[Referring expression grounding data]
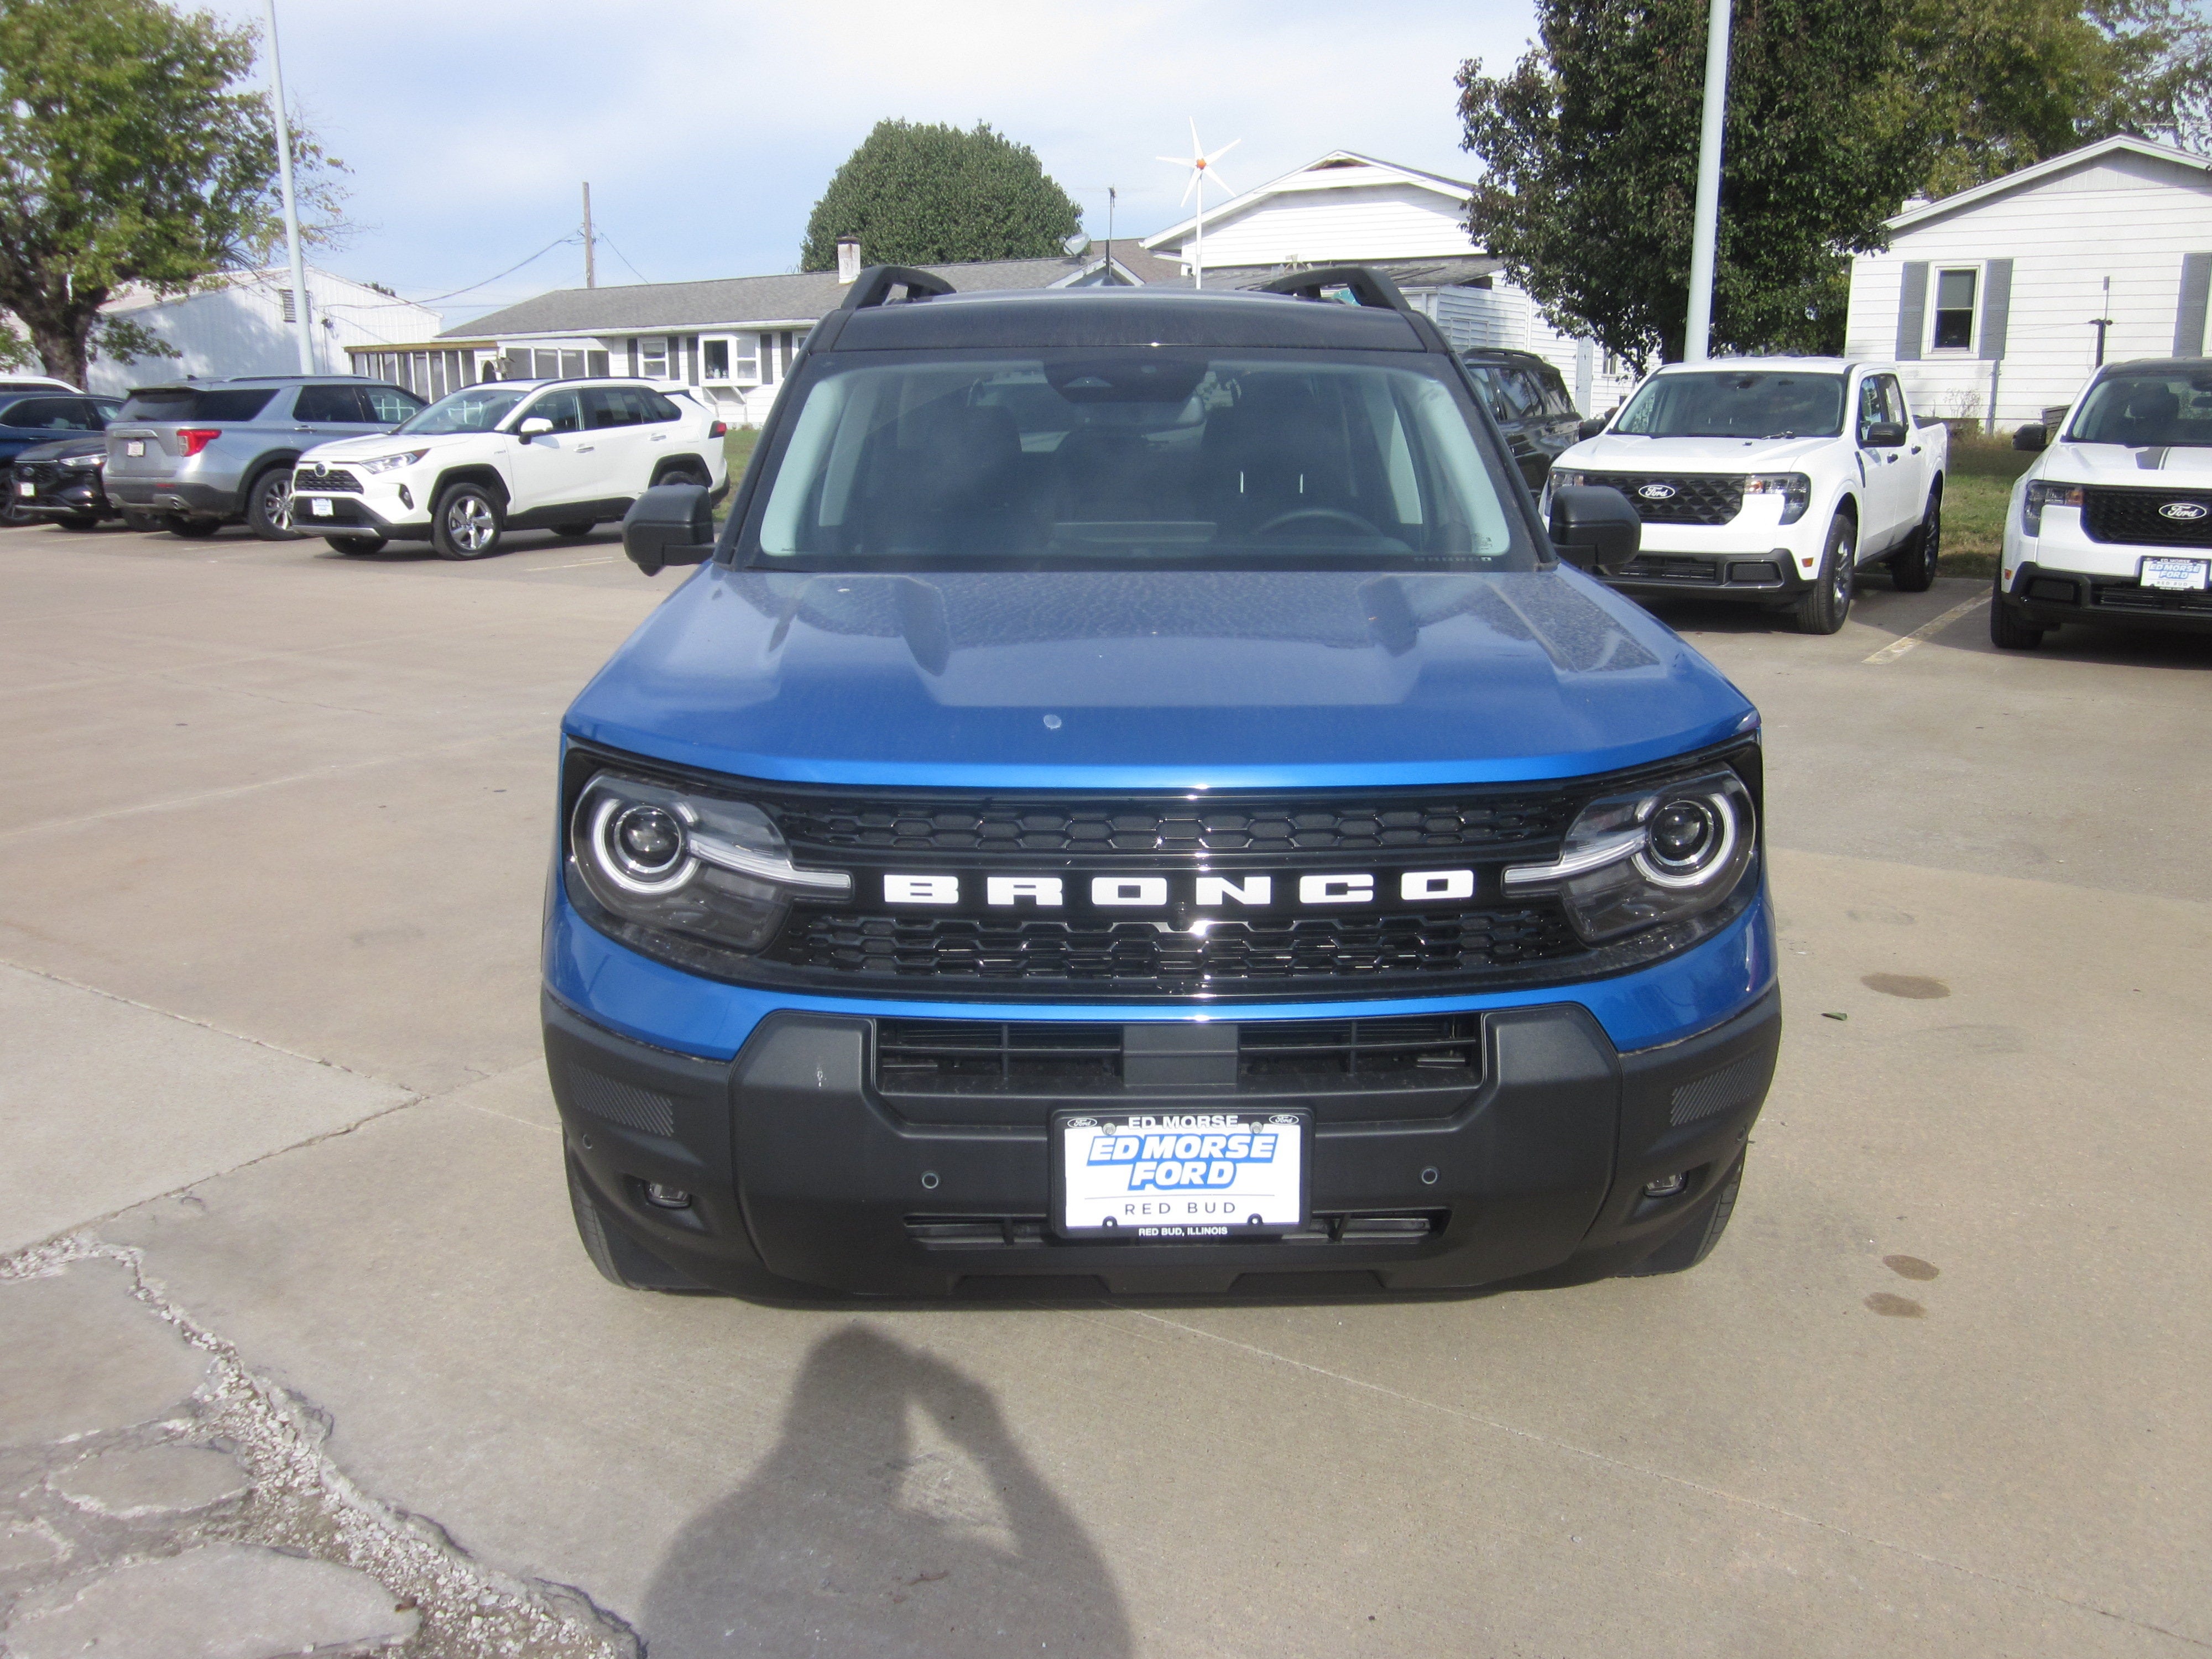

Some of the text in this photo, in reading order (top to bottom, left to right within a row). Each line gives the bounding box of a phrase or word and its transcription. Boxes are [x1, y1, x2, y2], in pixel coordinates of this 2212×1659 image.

[1645, 486, 1668, 497] Ford
[2168, 505, 2198, 517] Ford
[2163, 564, 2201, 573] MORSE
[2159, 571, 2189, 580] FORD
[884, 869, 1474, 905] BRONCO
[1073, 1118, 1092, 1127] Ford
[1128, 1115, 1239, 1129] ED MORSE
[1275, 1115, 1293, 1124] Ford
[1087, 1134, 1277, 1162] ED MORSE
[1129, 1161, 1235, 1188] FORD
[1125, 1202, 1235, 1215] RED BUD
[1138, 1227, 1228, 1237] RED BUD, ILLINOIS

WHAT THE TASK ASKS: Would you set down the entries exactly as given, minus their pictures?

YOUR SOLUTION:
Some of the text in this photo, in reading order (top to bottom, left to right within a row). Each line gives the bounding box of a phrase or word and its transcription. Boxes are [x1, y1, x2, y2], in pixel coordinates of this 2212×1659 image.

[1645, 486, 1668, 497] Ford
[2168, 505, 2198, 517] Ford
[2163, 564, 2201, 573] MORSE
[2159, 571, 2189, 580] FORD
[884, 869, 1474, 905] BRONCO
[1073, 1118, 1092, 1127] Ford
[1128, 1115, 1239, 1129] ED MORSE
[1275, 1115, 1293, 1124] Ford
[1087, 1134, 1277, 1162] ED MORSE
[1129, 1161, 1235, 1188] FORD
[1125, 1202, 1235, 1215] RED BUD
[1138, 1227, 1228, 1237] RED BUD, ILLINOIS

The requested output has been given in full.